If you haven't used it to buy an annuity, an "amount of notional income" will be assumed from your pension and that will be taken into account when your benefits are being calculated.
If you take more than that as income, the higher of the two numbers will be used when calculating income-related benefits. If you take significantly more and spend it in such a way that you are considered "to have deliberately deprived yourself of that money in order to secure your entitlement to benefits*", you will be treated as though you still have the money and your benefits will be calculated accordingly.
So that would seem to be that: spend your pension irresponsibly and you could end up having a deeply miserable old age the government isn't planning to let the welfare state bail you out. However there are as ever a few loopholes knocking around here.

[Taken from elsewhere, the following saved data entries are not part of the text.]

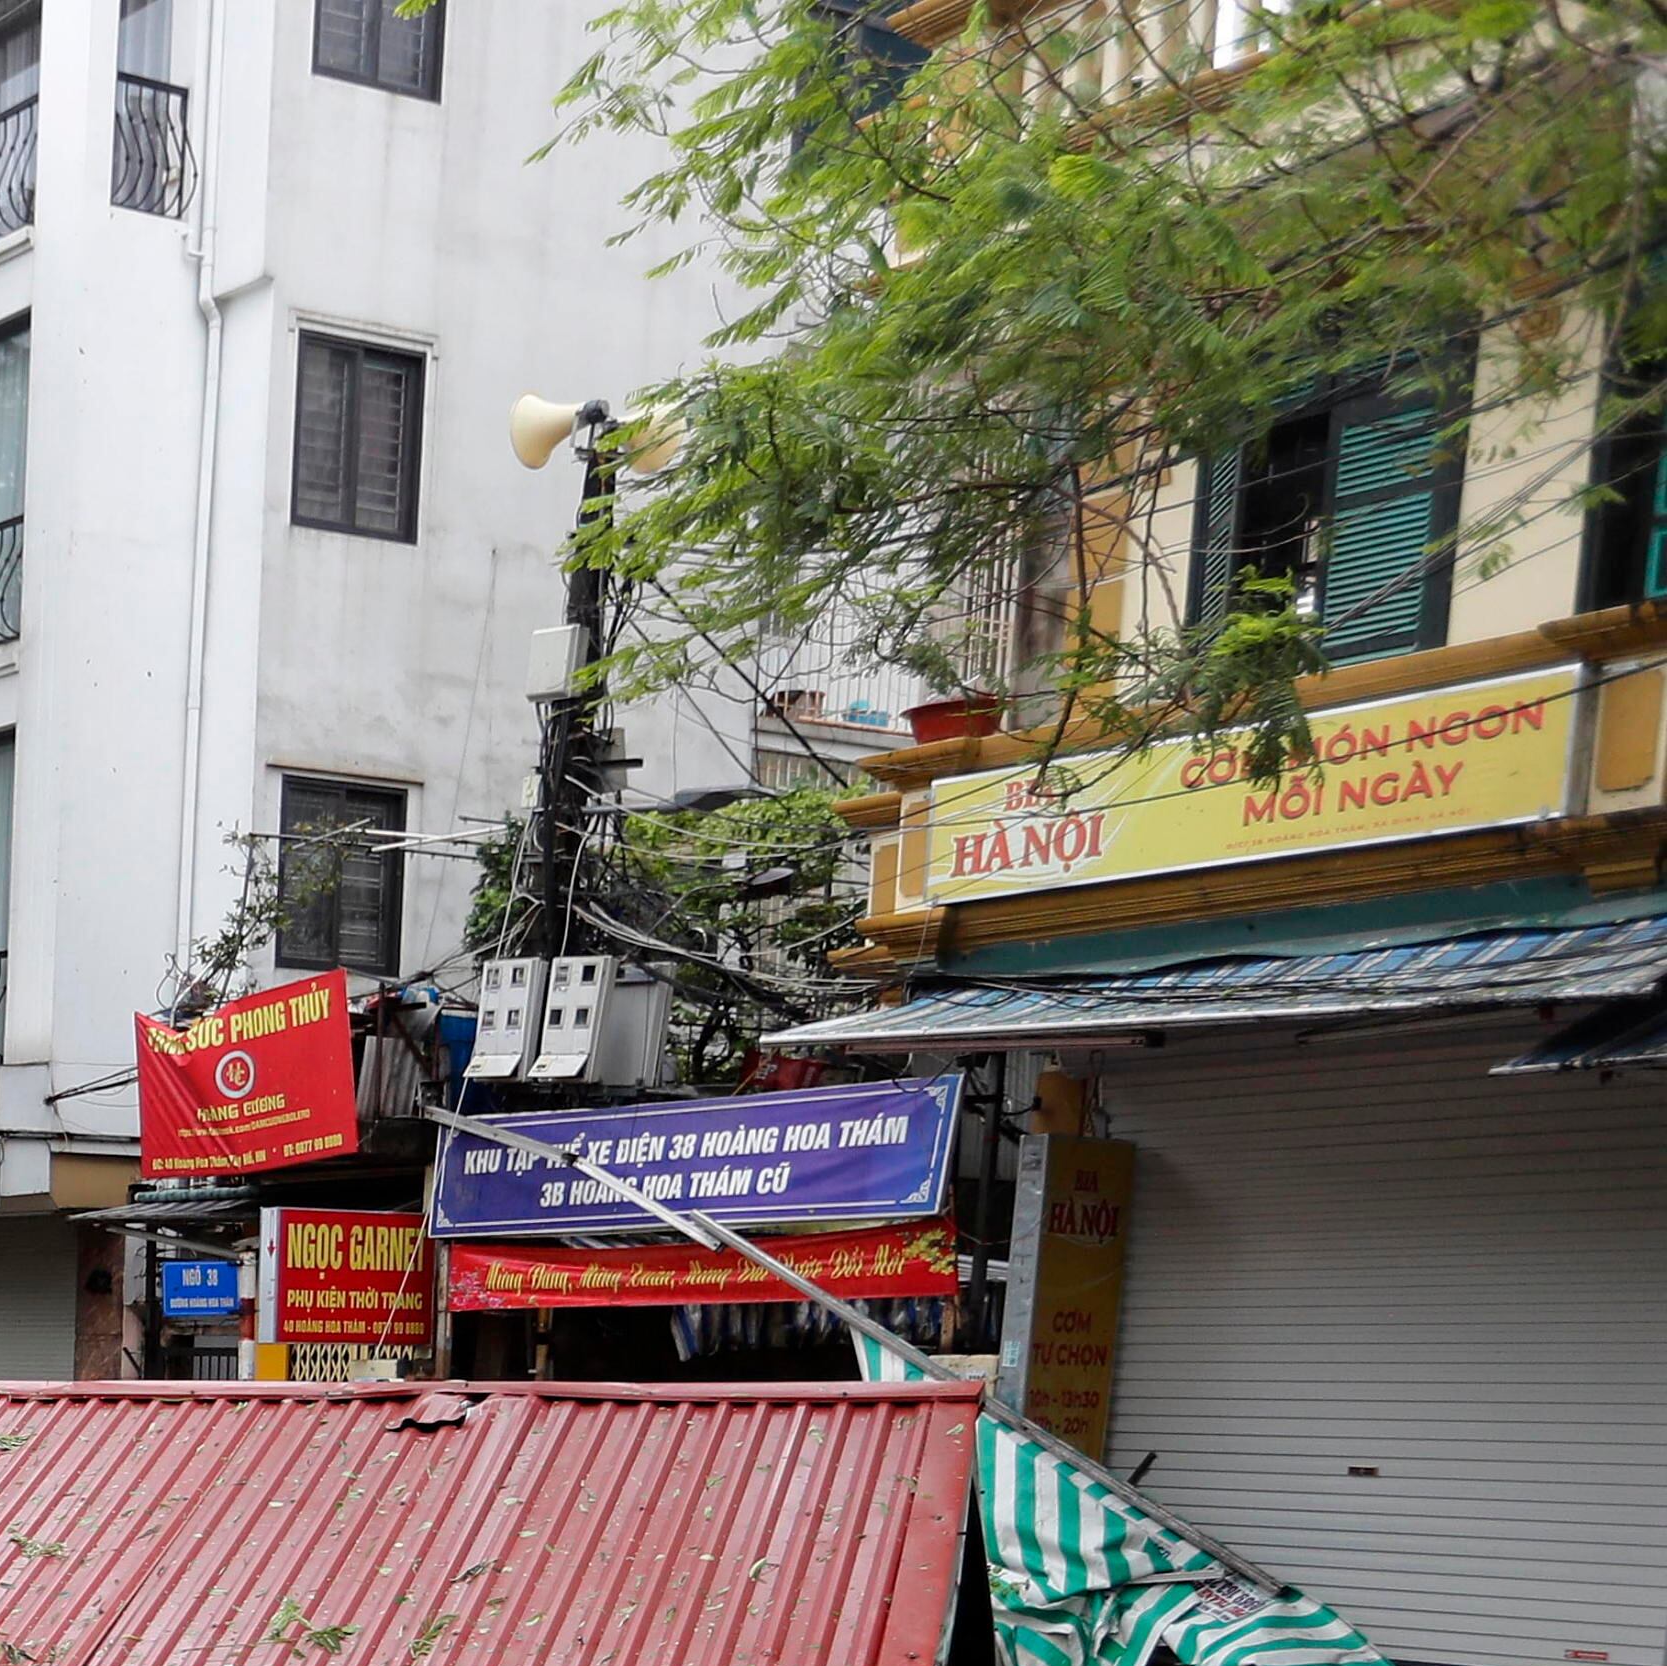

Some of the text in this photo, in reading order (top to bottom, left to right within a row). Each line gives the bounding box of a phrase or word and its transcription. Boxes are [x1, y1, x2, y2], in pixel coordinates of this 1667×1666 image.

[1405, 698, 1547, 753] NGON
[1243, 760, 1463, 826] MỖI NGÀY
[950, 808, 1106, 878] HÀ NỘI
[230, 1000, 287, 1043] PHONG
[288, 981, 332, 1028] THỦY
[464, 1149, 502, 1175] KHU
[587, 1139, 611, 1166] XE
[615, 1132, 666, 1169] ĐIỆN
[668, 1134, 697, 1161] 38
[699, 1124, 779, 1158] HOÀNG
[783, 1122, 831, 1152] HOA
[838, 1112, 909, 1148] THÁM
[539, 1182, 566, 1208] 3B
[642, 1173, 683, 1202] HOA
[689, 1164, 754, 1198] THÁM
[756, 1161, 791, 1195] CŨ
[1075, 1169, 1099, 1191] BIA
[1048, 1197, 1120, 1245] HÀ NỘI
[287, 1223, 426, 1280] NGỌC GARNET
[182, 1265, 201, 1287] NGÕ
[287, 1285, 423, 1313] PHỤ KIỆN THỜI TRANG
[295, 1317, 323, 1333] HOÀNG
[325, 1320, 341, 1333] HOA
[344, 1318, 365, 1333] THÁM
[1052, 1308, 1092, 1334] CƠM
[1032, 1341, 1054, 1371] TỰ
[1058, 1343, 1107, 1373] CHỌN
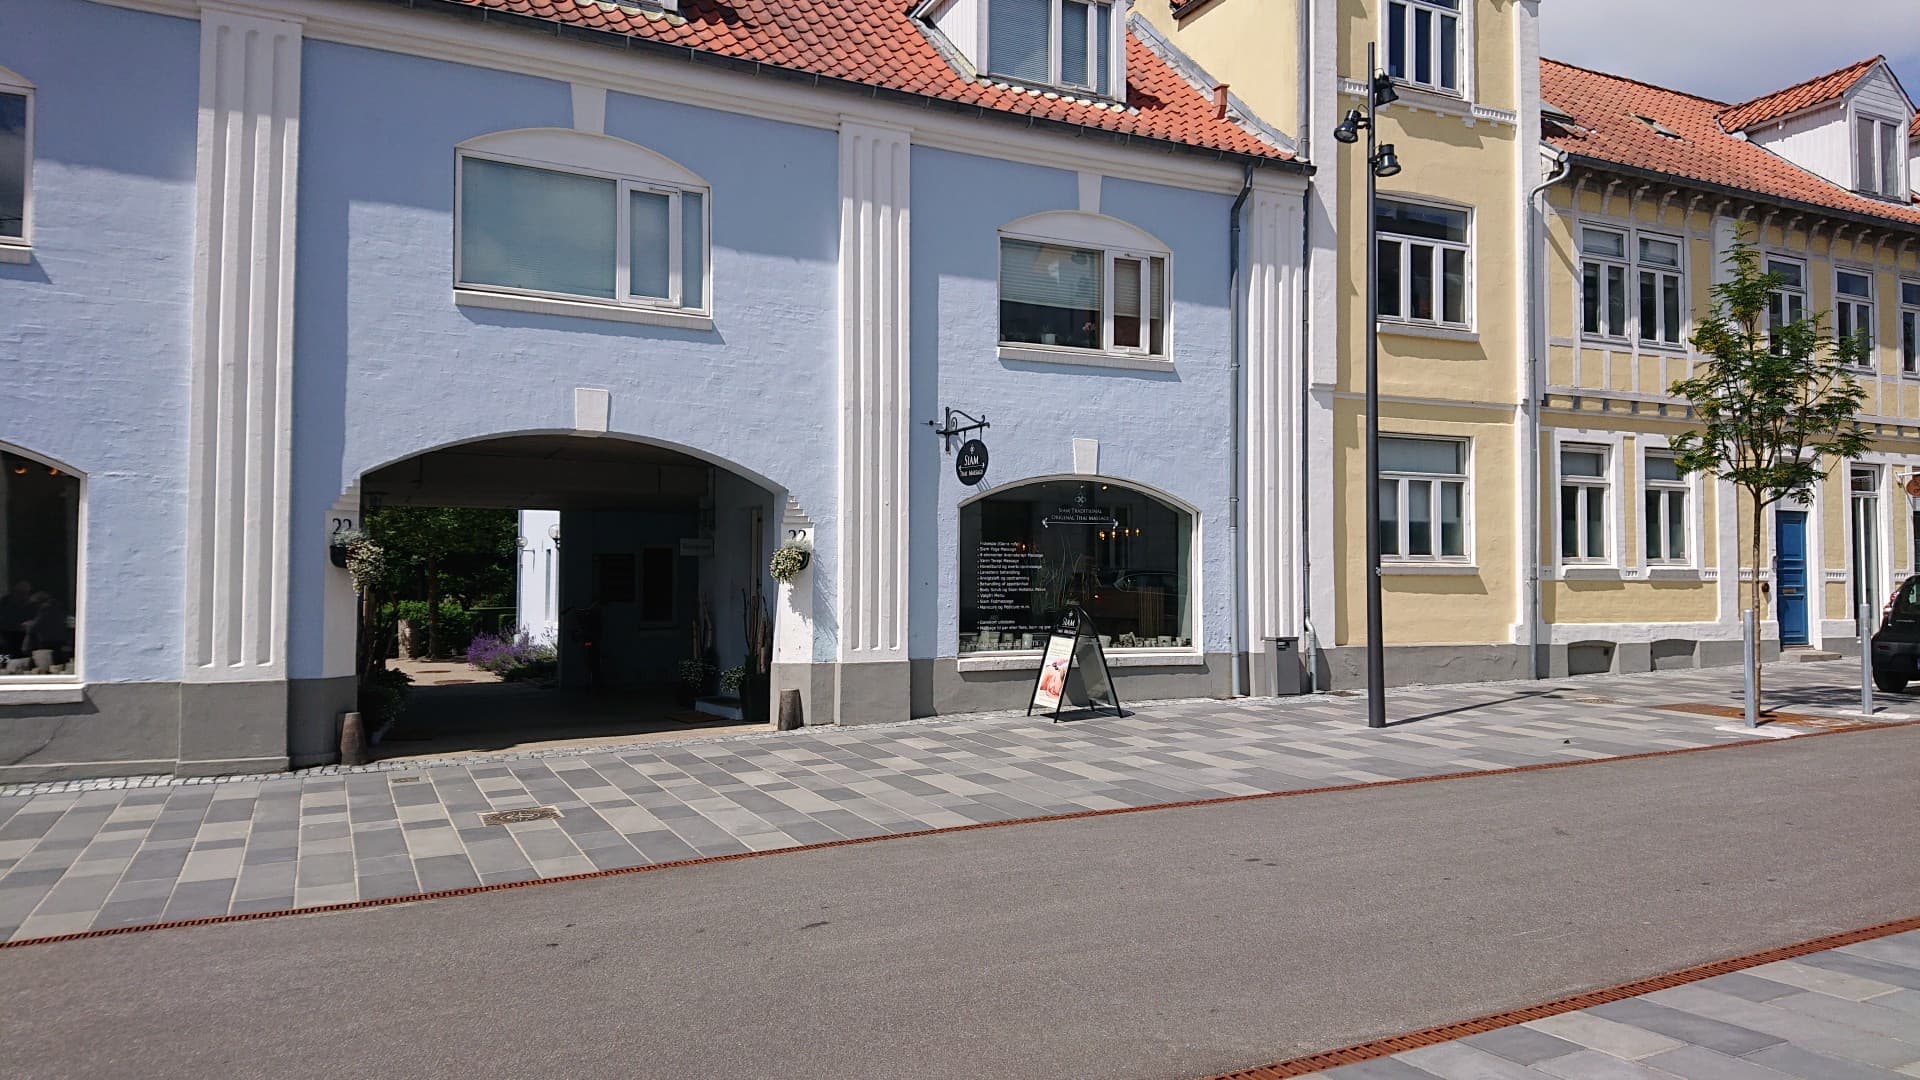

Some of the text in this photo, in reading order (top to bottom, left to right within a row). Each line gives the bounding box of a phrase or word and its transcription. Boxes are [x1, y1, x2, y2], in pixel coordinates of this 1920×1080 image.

[964, 455, 979, 466] SIAM
[332, 517, 352, 535] 22
[1062, 617, 1076, 627] SIAM
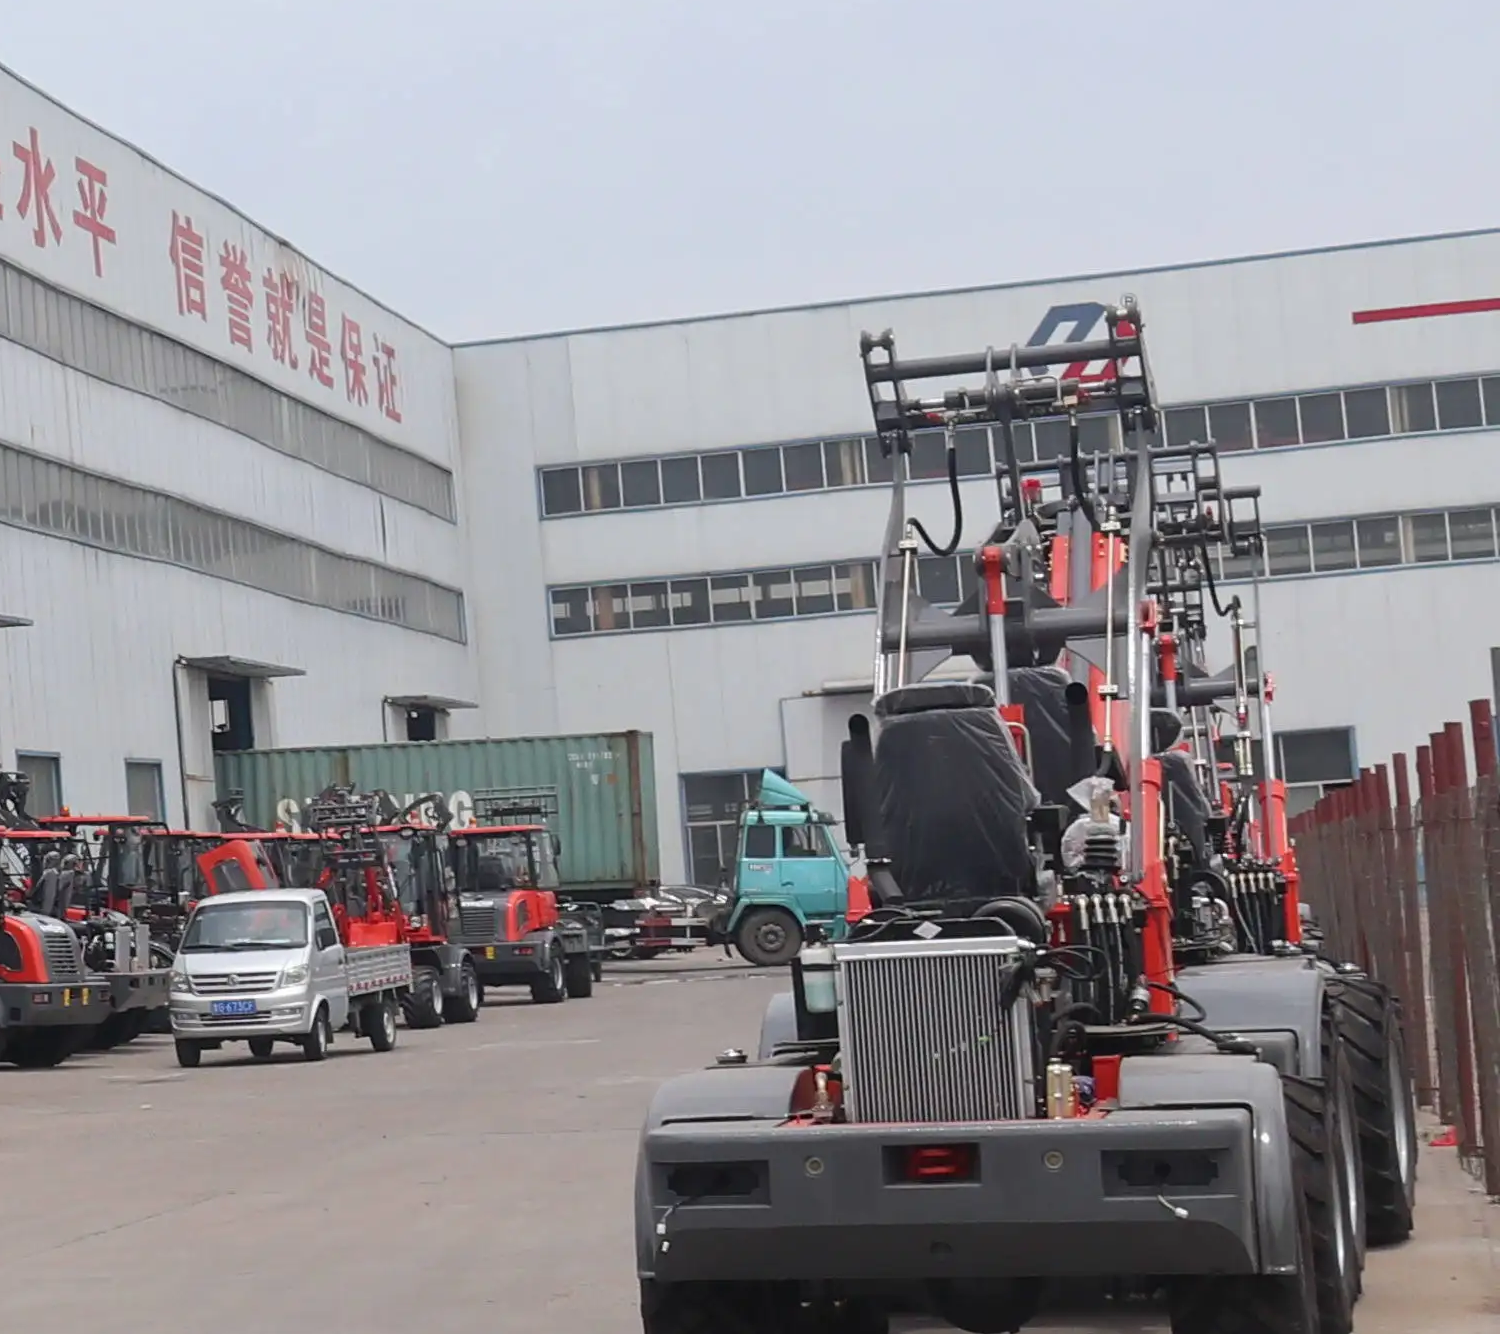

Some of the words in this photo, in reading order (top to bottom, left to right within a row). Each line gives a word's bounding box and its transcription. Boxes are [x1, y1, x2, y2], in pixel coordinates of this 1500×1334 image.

[169, 208, 403, 424] 信誉就是保证

The first is over capital and income. As far as I can see from the factsheet, "if you take a cash lump sum" this will be taken into account as capital. The rules on capital are more generous than those on income for benefits purposes, so this could allow some to take more than the notional amount mentioned above annually and still have benefits assessed on the notional amount.
It is also worth noting that the law on deprivation applies only in the case of deliberate deprivation. Those who don't understand the rules presumably can't be guilty of deliberate deprivation. That rather suggests a higher welfare bill post pensions freedom that the government is yet ready to permit.
* This rule isn't new but its application to pensions law has been clarified by the new fact sheet.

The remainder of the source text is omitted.